Each morning I'm assailed by smoke from fellow commuters lighting up as soon as we leave the train, and in the packed conditions of the railway station and my walk to work the smoke is every bit as in-your-face as it would be if they were smoking on the train. It's invasive, disgusting and bad for you on prolonged exposure, so I'd welcome a ban eagerly.
Tim Reid, UK
Smoking should be banned everywhere in public, even outside. I'm tired of getting stuck walking behind smokers on the sidewalk. Or worse, getting on an elevator with someone who just came in from a smoke. It's nasty!
Chris Macsurak, USA
In California we do not smoke in public places and also New York City has banned it. If they can do it England can do it. If you are in a bar just go outside.

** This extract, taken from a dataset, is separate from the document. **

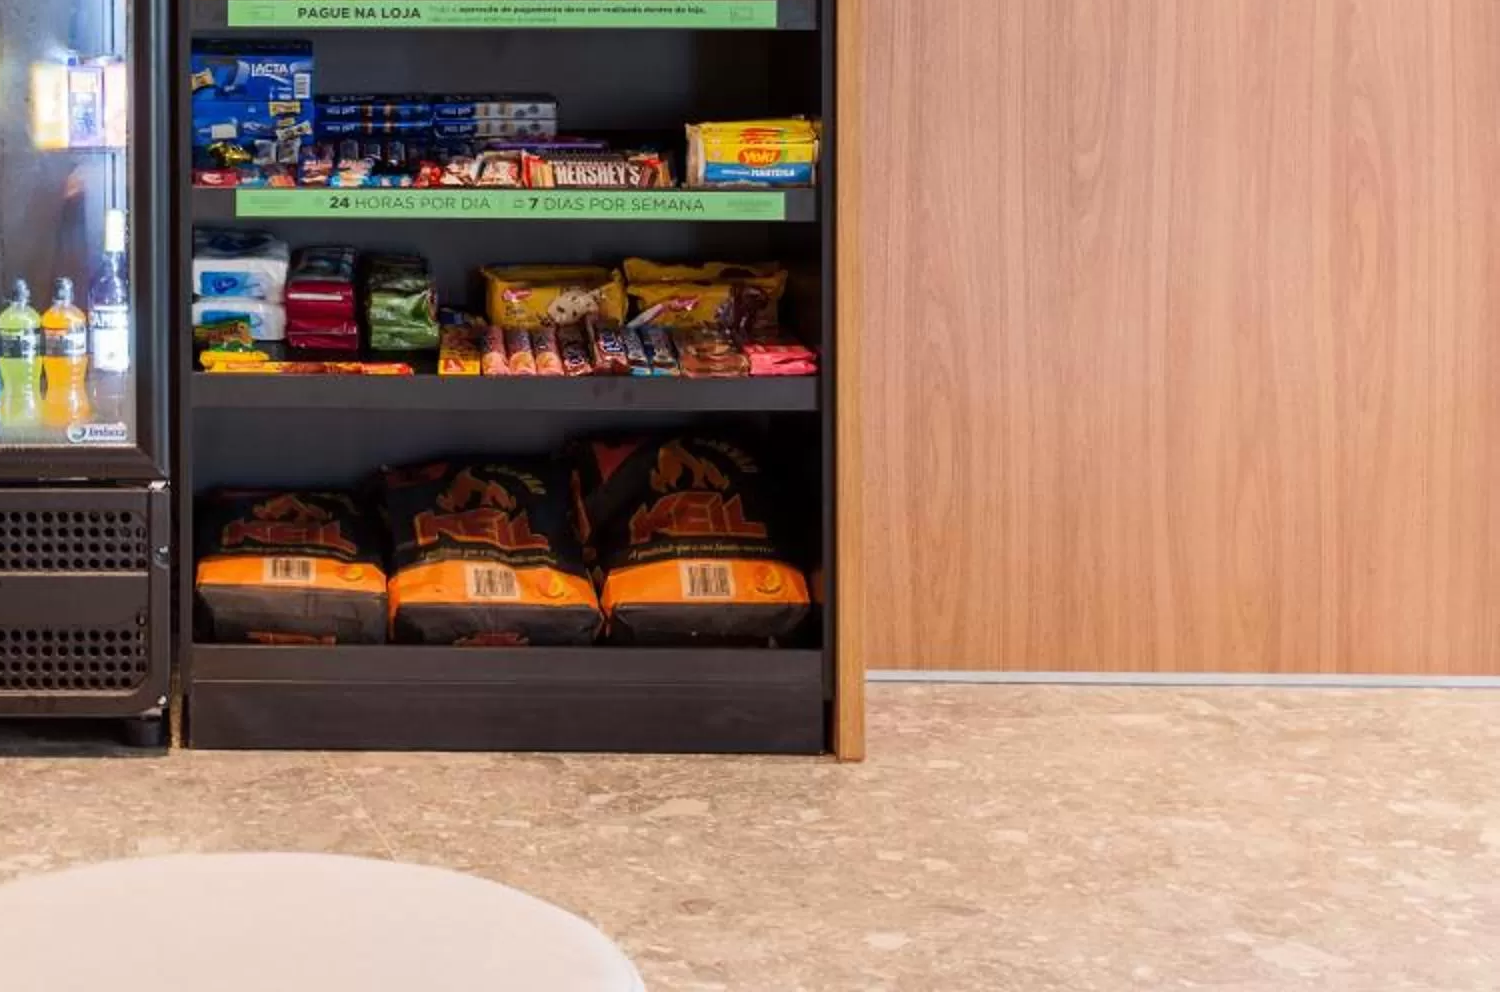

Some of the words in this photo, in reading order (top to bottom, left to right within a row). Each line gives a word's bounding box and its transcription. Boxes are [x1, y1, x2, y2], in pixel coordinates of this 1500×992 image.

Howard Rosenstein, USA (San Diego)
Smoking is an incredibly invasive habit. Second hand smoke is a known health hazard. In addition, the odour is offensive and irritating to the non-smoker. If a person is smoker, was a smoker or grew up around a smoker, the smell probably isn't that big of a deal. But for people like me, the odour and its effects make life incredibly uncomfortable. And as far as smoking and non-smoking sections at a restaurant goes, it's a joke. It's not like the smoky air stops at the end of the smoking section.
Our Health Minister says "Smoke-free places are the ideal, but the evidence is that public opinion remains divided". Well, public opinion is also divided on the death penalty, but I don't see the government rushing to bring it back!
Edward NC, UK
1) If people wish to commit a slow form of suicide - let them do it on their own, but it can't ever be condoned that their habit should be inflicted upon non smokers. Non smokers do not affect smokers!

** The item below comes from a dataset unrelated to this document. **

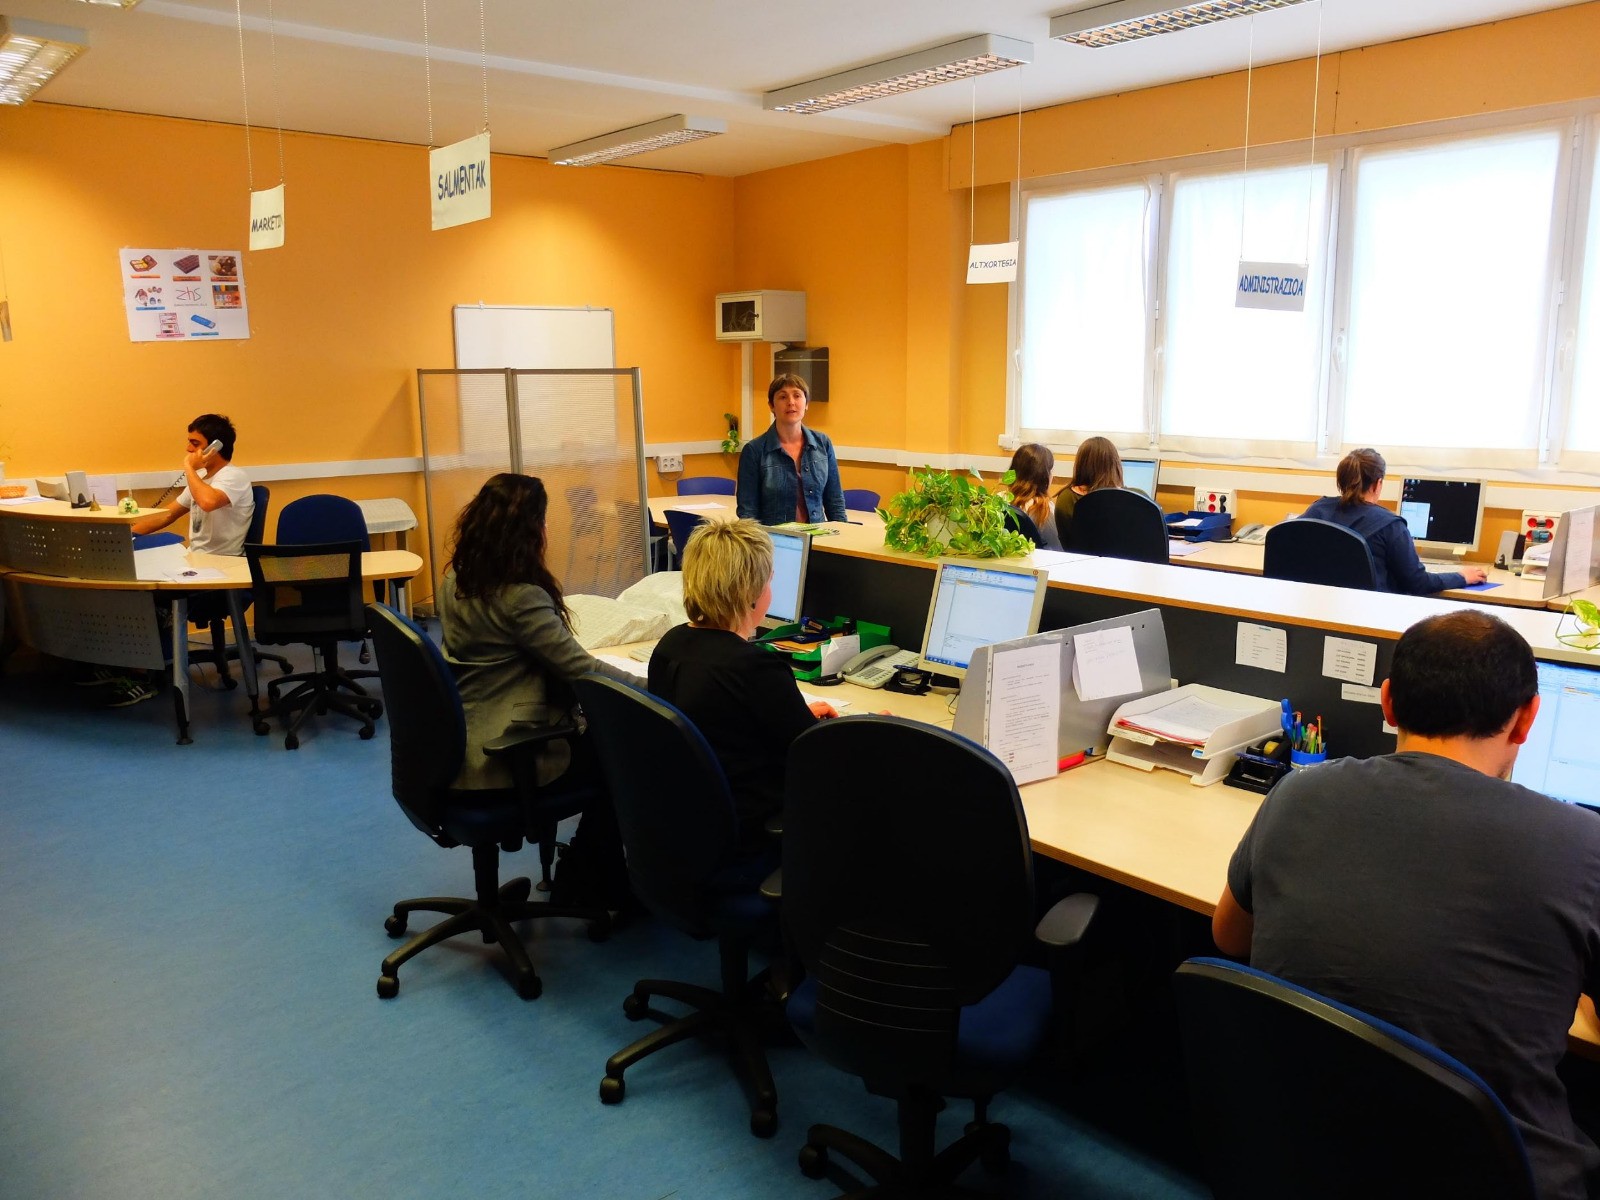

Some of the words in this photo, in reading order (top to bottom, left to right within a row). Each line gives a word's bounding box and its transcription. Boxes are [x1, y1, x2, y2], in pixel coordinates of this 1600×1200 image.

[438, 159, 486, 200] SALMENTAK
[970, 259, 1016, 268] ALTXORTEGIA
[1239, 274, 1304, 296] ADMINISTRAZIOA

2) Smoke travels! Drinking a drink does not.
3) The majority do not smoke!
4) Nicotine is a seriously addictive drug which cannot be compared with alcohol - which is made in the body, even teetotallers make it!

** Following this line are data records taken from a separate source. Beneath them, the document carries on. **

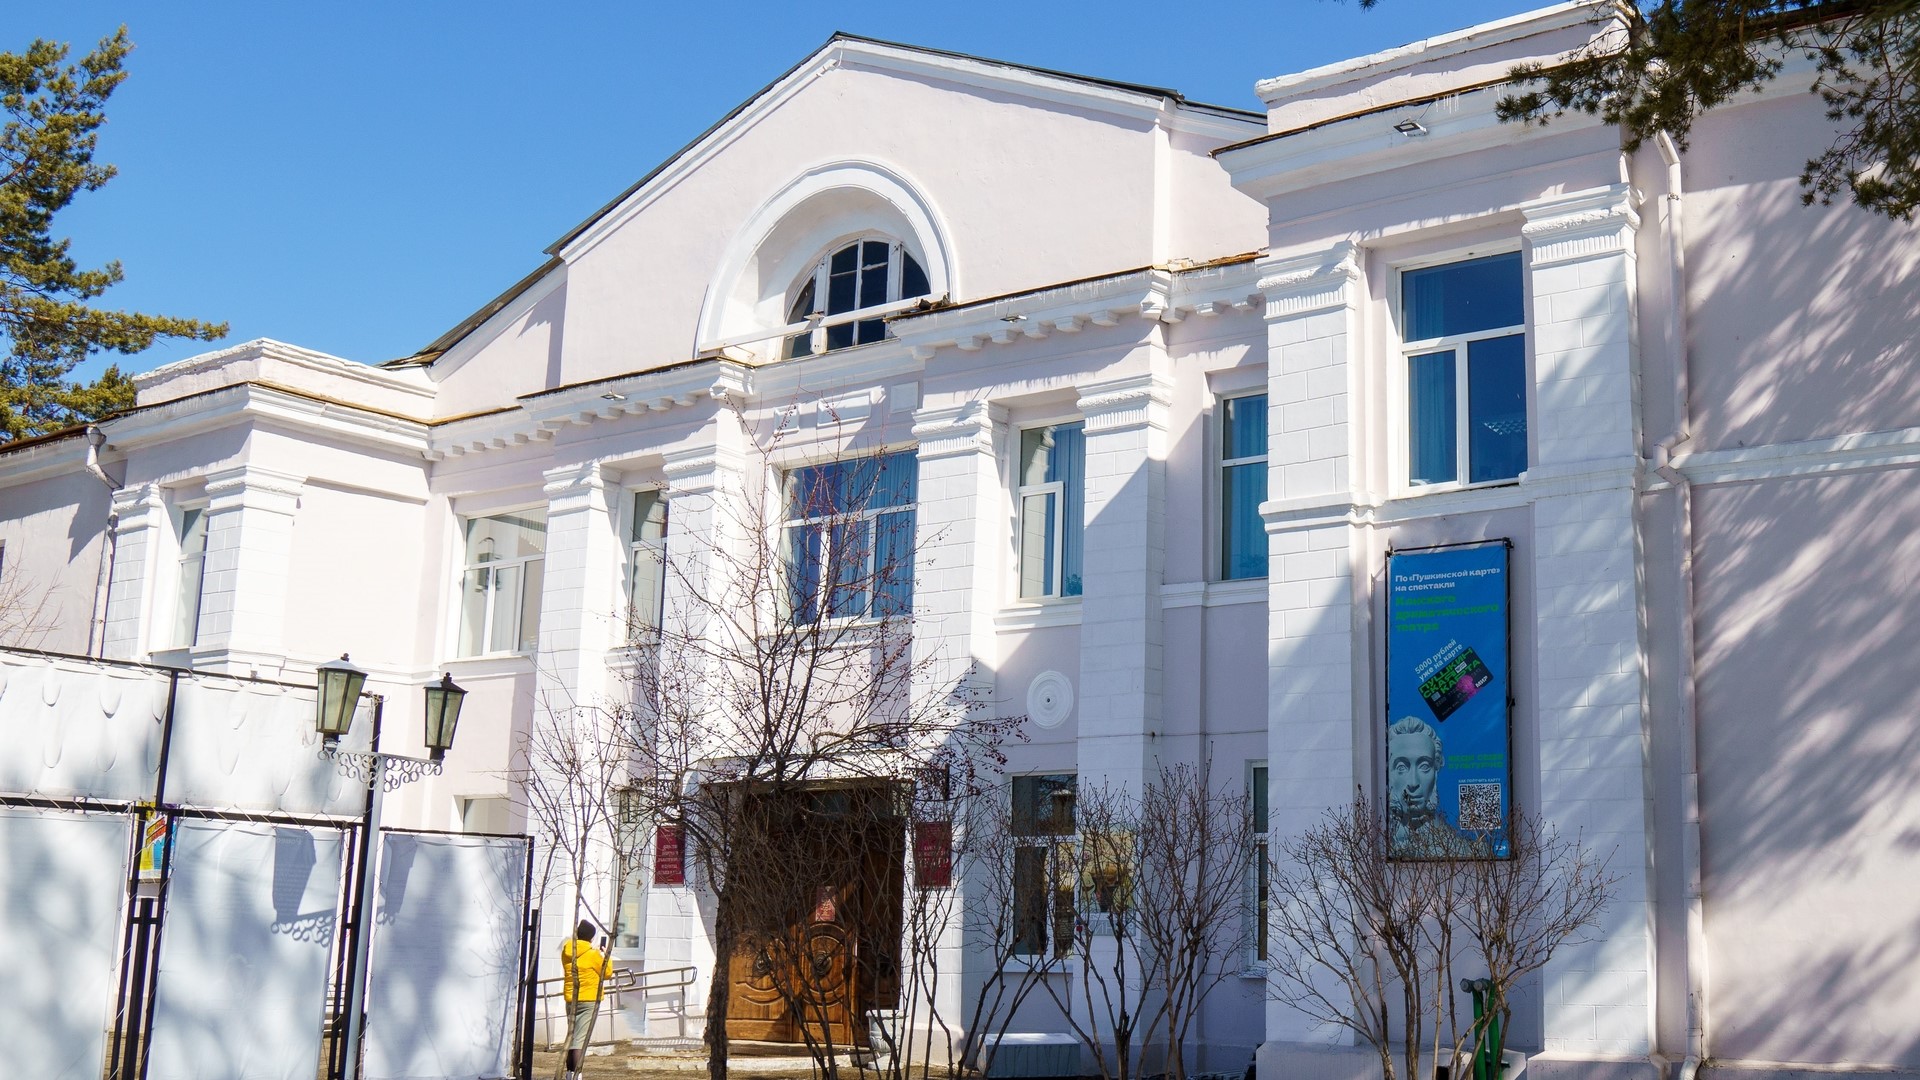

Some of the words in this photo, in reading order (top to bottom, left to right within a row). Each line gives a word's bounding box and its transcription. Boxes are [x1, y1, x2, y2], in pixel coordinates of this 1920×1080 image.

[1408, 581, 1456, 591] спектакли
[1409, 569, 1468, 582] «Пушкинской
[1469, 567, 1501, 578] карте»
[1414, 657, 1433, 674] 5000
[1432, 638, 1457, 663] рублей
[1418, 667, 1434, 682] уже
[1433, 660, 1444, 669] на
[1443, 644, 1463, 662] карте
[1440, 659, 1481, 694] КАРТА

5) It is wonderful to go out and not stink of smoke later - even a lot of non smokers feel the same!
Try New York where there has been a ban on smoking in bars for almost a year. It's great.
Since moving to California, I have found the public smoking ban to be my favourite thing about living here. Instead of inconveniencing non-smokers, and forcing them into the cramped back sections of pubs and restaurants - where the non-smoking section always seems to be - the law forces smokers themselves to make accommodations for their own habit. Let them stand outside the pub and smoke, if they must smoke. It's not a human right, whatever anybody says. It's an addiction.
I read a lot of comments about smokers "rights"... The only "right" I can see a smoker has over a non-smoker is to choose to die of lung cancer by smoking. They appear though to have rights that non-smokers don't have - for example 10 minute work-breaks every hour...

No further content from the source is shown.